• _TASK BRIEF_
Copy the listing that follows exactly. Its pictures do not belong in the copy.
#### EXTRACTED ENTRIES
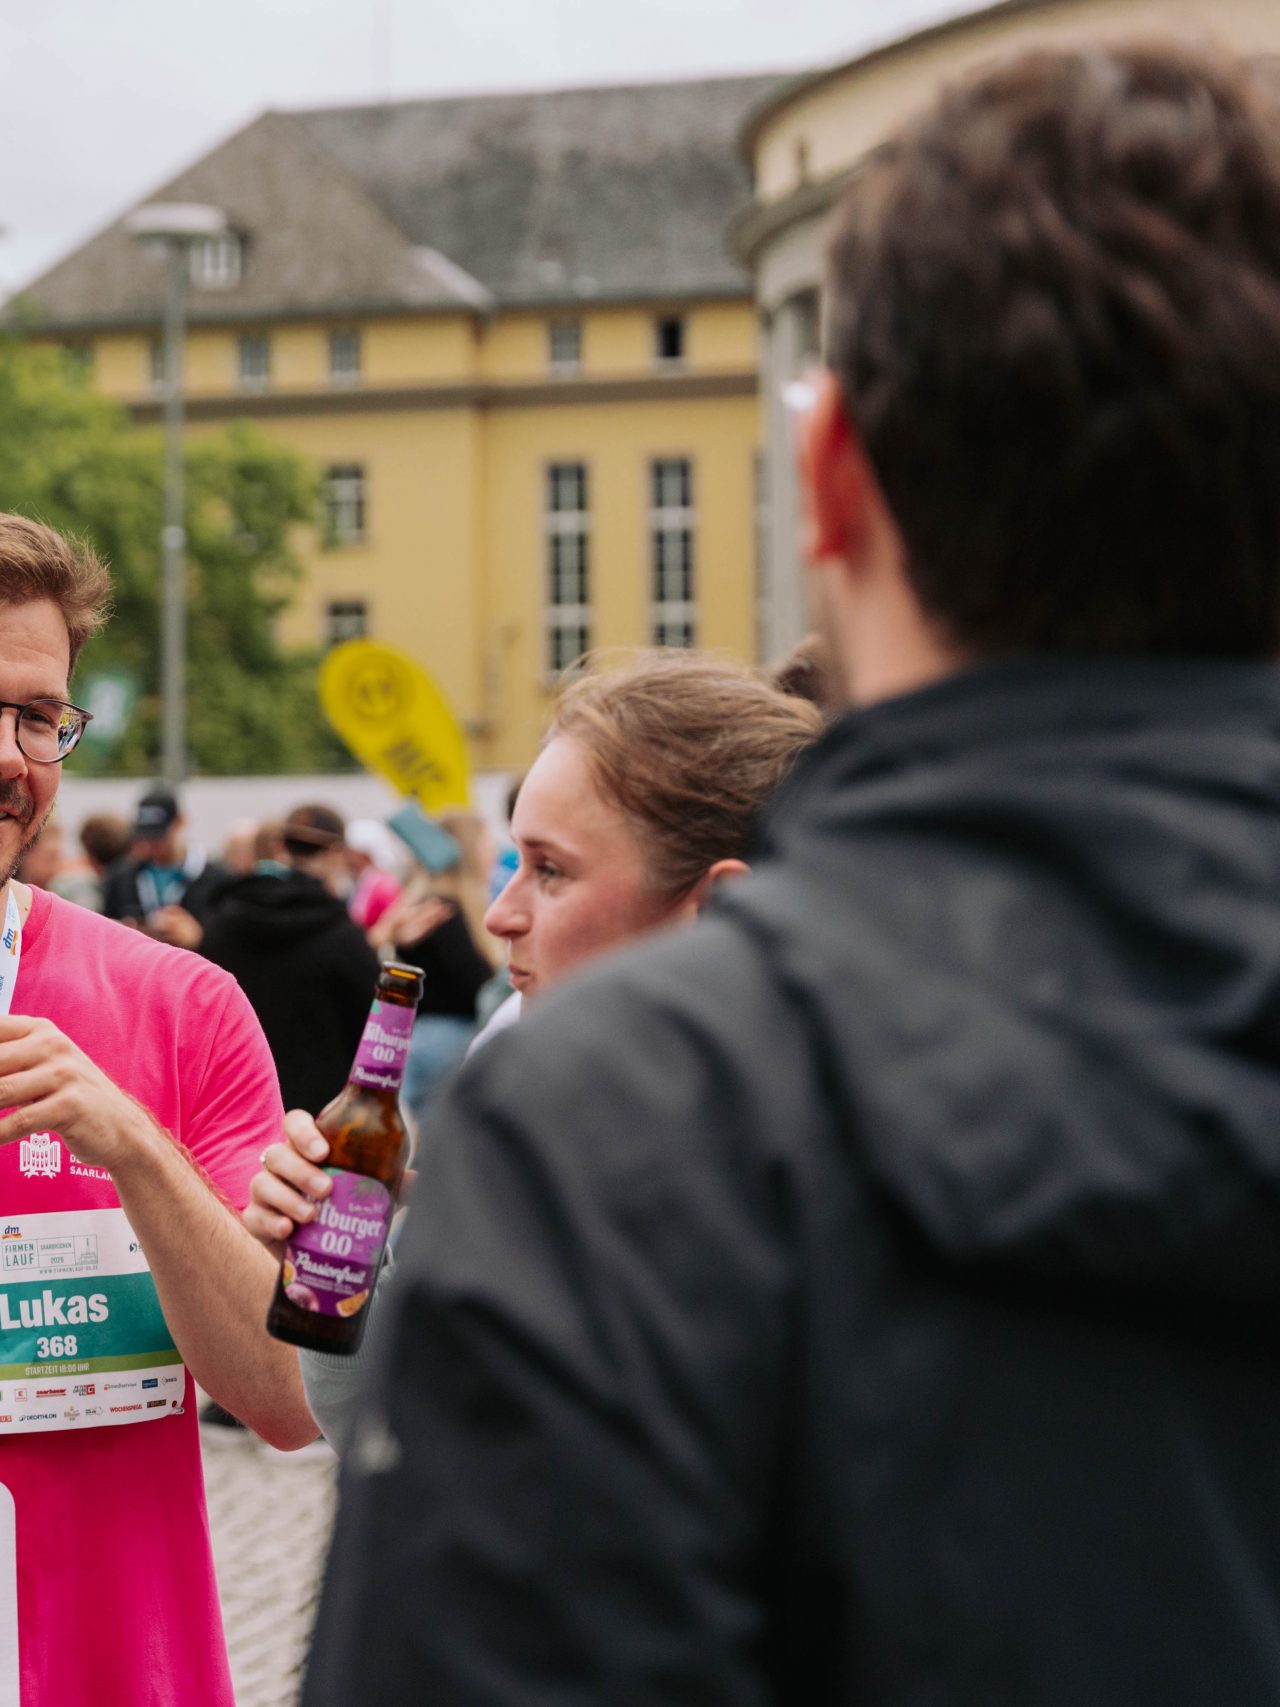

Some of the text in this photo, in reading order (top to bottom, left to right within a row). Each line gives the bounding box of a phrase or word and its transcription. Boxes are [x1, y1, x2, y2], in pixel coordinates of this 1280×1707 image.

[2, 928, 16, 950] dm
[69, 1166, 113, 1181] SAARLAN
[4, 1225, 20, 1235] dm
[4, 1243, 34, 1254] FIRMEN
[5, 1253, 35, 1267] LAUF
[37, 1335, 78, 1358] 368
[25, 1365, 58, 1376] STARTZEIT
[77, 1362, 90, 1372] UHR
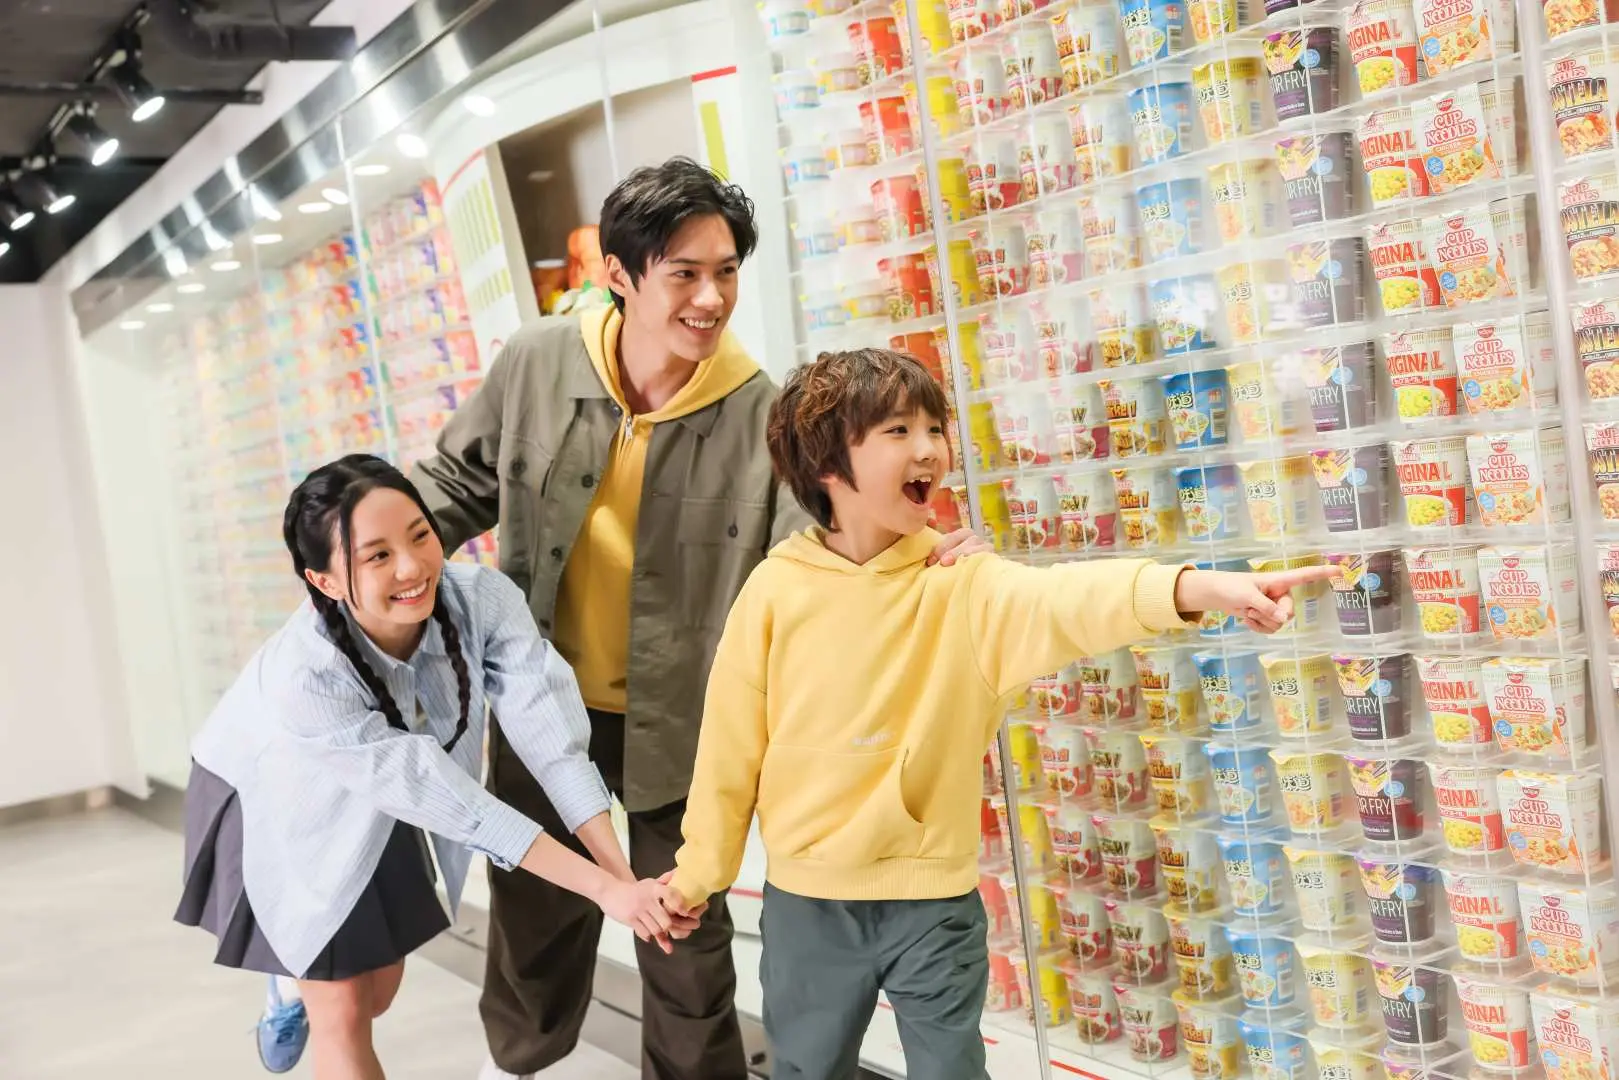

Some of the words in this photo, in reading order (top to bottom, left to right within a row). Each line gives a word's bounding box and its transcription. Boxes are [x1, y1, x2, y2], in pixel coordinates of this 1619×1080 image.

[1285, 69, 1307, 91] FRY
[1433, 110, 1463, 129] CUP
[1424, 118, 1477, 147] NOODLES
[1299, 175, 1320, 196] FRY
[1445, 228, 1474, 246] CUP
[1436, 238, 1489, 263] NOODLES
[1473, 338, 1503, 354] CUP
[1464, 350, 1516, 370] NOODLES
[1487, 453, 1517, 469] CUP
[1478, 465, 1530, 482] NOODLES
[1334, 487, 1355, 504] FRY
[1498, 569, 1528, 583] CUP
[1489, 581, 1542, 597] NOODLES
[1346, 591, 1368, 609] FRY
[1503, 684, 1532, 699] CUP
[1358, 697, 1380, 715] FRY
[1369, 797, 1391, 815] FRY
[1518, 798, 1549, 813] CUP
[1382, 900, 1404, 917] FRY
[1540, 906, 1570, 923] CUP
[1391, 1000, 1412, 1018] FRY
########
• _REPLY TO THE TASK_
Some of the text in this photo, in reading order (top to bottom, left to right within a row). Each line gives the bounding box of a phrase or word and its transcription. Boxes are [x1, y1, x2, y2], in pixel coordinates of this 1280×1707 image.

[2, 928, 16, 950] dm
[69, 1166, 113, 1181] SAARLAN
[4, 1225, 20, 1235] dm
[4, 1243, 34, 1254] FIRMEN
[5, 1253, 35, 1267] LAUF
[37, 1335, 78, 1358] 368
[25, 1365, 58, 1376] STARTZEIT
[77, 1362, 90, 1372] UHR

Some of the words in this photo, in reading order (top to bottom, left to right within a row). Each line gives a word's bounding box and its transcription. Boxes are [x1, y1, x2, y2], in pixel coordinates of this 1619×1080 image.

[1285, 69, 1307, 91] FRY
[1433, 110, 1463, 129] CUP
[1424, 118, 1477, 147] NOODLES
[1299, 175, 1320, 196] FRY
[1445, 228, 1474, 246] CUP
[1436, 238, 1489, 263] NOODLES
[1473, 338, 1503, 354] CUP
[1464, 350, 1516, 370] NOODLES
[1487, 453, 1517, 469] CUP
[1478, 465, 1530, 482] NOODLES
[1334, 487, 1355, 504] FRY
[1498, 569, 1528, 583] CUP
[1489, 581, 1542, 597] NOODLES
[1346, 591, 1368, 609] FRY
[1503, 684, 1532, 699] CUP
[1358, 697, 1380, 715] FRY
[1369, 797, 1391, 815] FRY
[1518, 798, 1549, 813] CUP
[1382, 900, 1404, 917] FRY
[1540, 906, 1570, 923] CUP
[1391, 1000, 1412, 1018] FRY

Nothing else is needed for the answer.